The importation of drugs is strictly regulated. Narcotics, controlled, and restricted drugs may only be imported or exported by:
- A pharmaceutical manufacturer
- A pharmaceutical distributor
- Another person licensed by the Minister of National Health and Welfare
The importer, owner, or exporter must have a valid permit, issued by the Health Canada, for the shipment.
You can find more information about the importation of drugs through:
HEALTH PRODUCTS AND FOOD BRANCH INSPECTORATE - BORDER INTEGRITY UNIT
Many food products need an import permit or other documentation to enter Canada. To see if there are special requirements for specific foods, visit the Canadian Food Inspection Agency (CFIA) website or contact the CBSA at 1-800-461-9999.
The CBSA regulates the importation of:
- Agricultural inputs
- Agricultural products
Plants, seeds, and other agricultural products are subject to many Canadian laws including the:
- Wild Animal and Plant Protection and Regulation of International and Interprovincial Trade Act
- Plant Protection Act
- Seeds Act
- Canada Agricultural Products Act
The documentation required to import these products depends on the specific product and the country or State that it’s arriving from. In most cases, you need a permit. For specific information, visit the CBSA website or the Canadian Food Inspection Agency (CFIA) website.
There are also requirements to follow policies about wood packaging materials. A phytosanitary certificate must go with most wood packaging material. Wood packaging material from China is no longer allowed into Canada unless an International Plant Protection Convention (IPPC) mark is clearly denoted to indicate treatment certification. For more information on requirements about wood packaging material, please visit the Canadian Food Inspection Agency (CFIA) website.
Visit the CBSA website for information related to food, plant, and animal import requirements.

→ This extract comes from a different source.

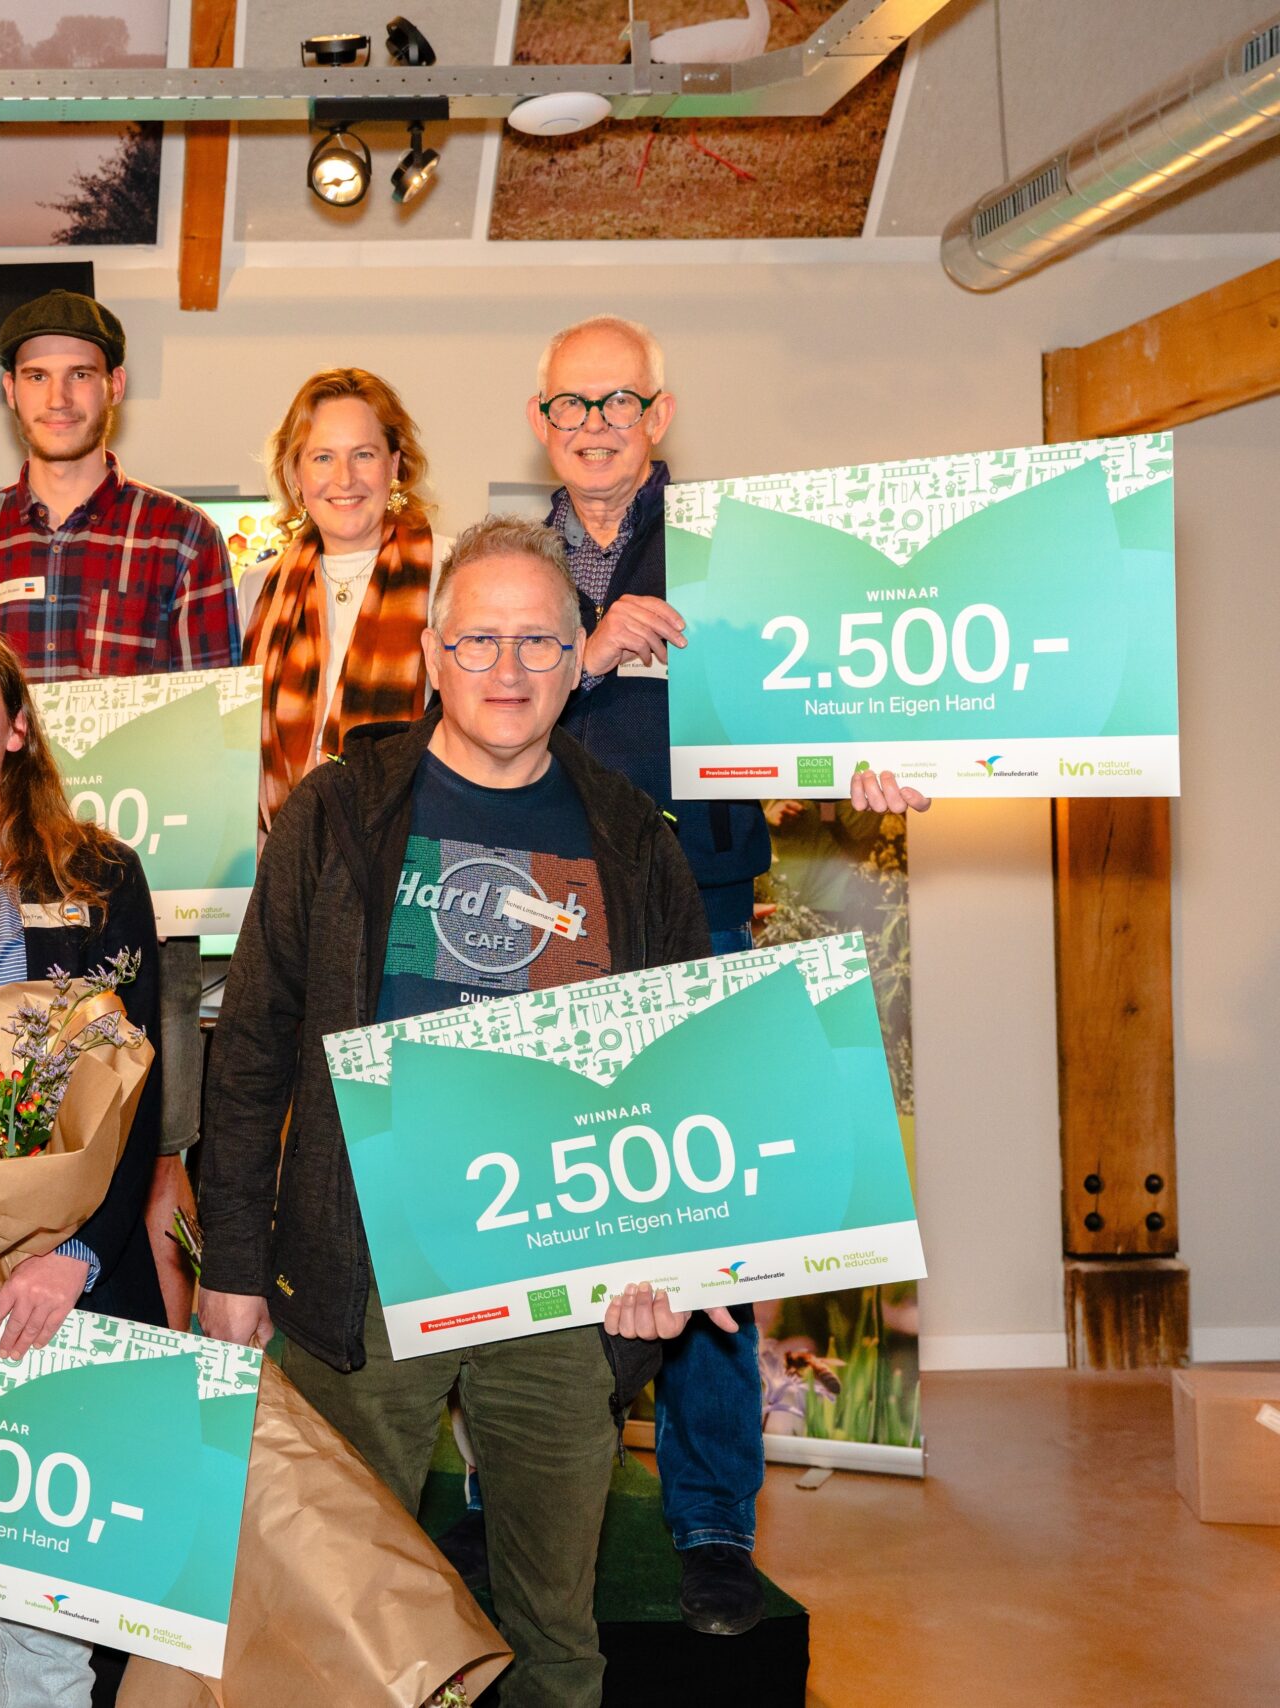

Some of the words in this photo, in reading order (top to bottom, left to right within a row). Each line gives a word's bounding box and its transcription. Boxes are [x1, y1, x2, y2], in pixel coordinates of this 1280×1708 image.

A Kimberley Process Certificate must accompany rough diamond imports to Canada. The government of the country of export must confirm the certificate. The certificate must also accompany rough diamonds in transit across Canada to another country. Each shipment requires a distinct certificate. A shipment may consist of several containers. Importers must present the Kimberley Process Certificate to a CBSA officer at the point of entry in Canada.
For more information, visit the Natural Resources Canada website or contact the Kimberley Process Office at:
KIMBERLEY PROCESS OFFICE
MINERALS AND METALS SECTOR
NATURAL RESOURCES CANADA
580 BOOTH STREET
OTTAWA ON K1A 0E4
Live animals aren’t allowed in international mail.
You may import live insects and pests if they’re:
- Packaged properly
- Identified properly
- Have an import permit (if required)
For more information contact:
CANADIAN FOOD INSPECTION AGENCY
59 CAMELOT DR
OTTAWA ON K1A 0Y9
1-613-225-2342 or 1-800-442-2342
You’re allowed certain medical and biological materials if they’re:
- Packaged properly
- Identified properly
- Not infectious, poisonous, or otherwise prohibited under:
- The Transportation of Dangerous Goods Act
- The Food and Drugs Act
- Any other applicable law
We’re providing this information as a convenience only. All of this information is subject to change without notice, and we don't guarantee its accuracy or completeness. It's your responsibility to make sure that you are complying with all applicable requirements when you send or receive international mail items.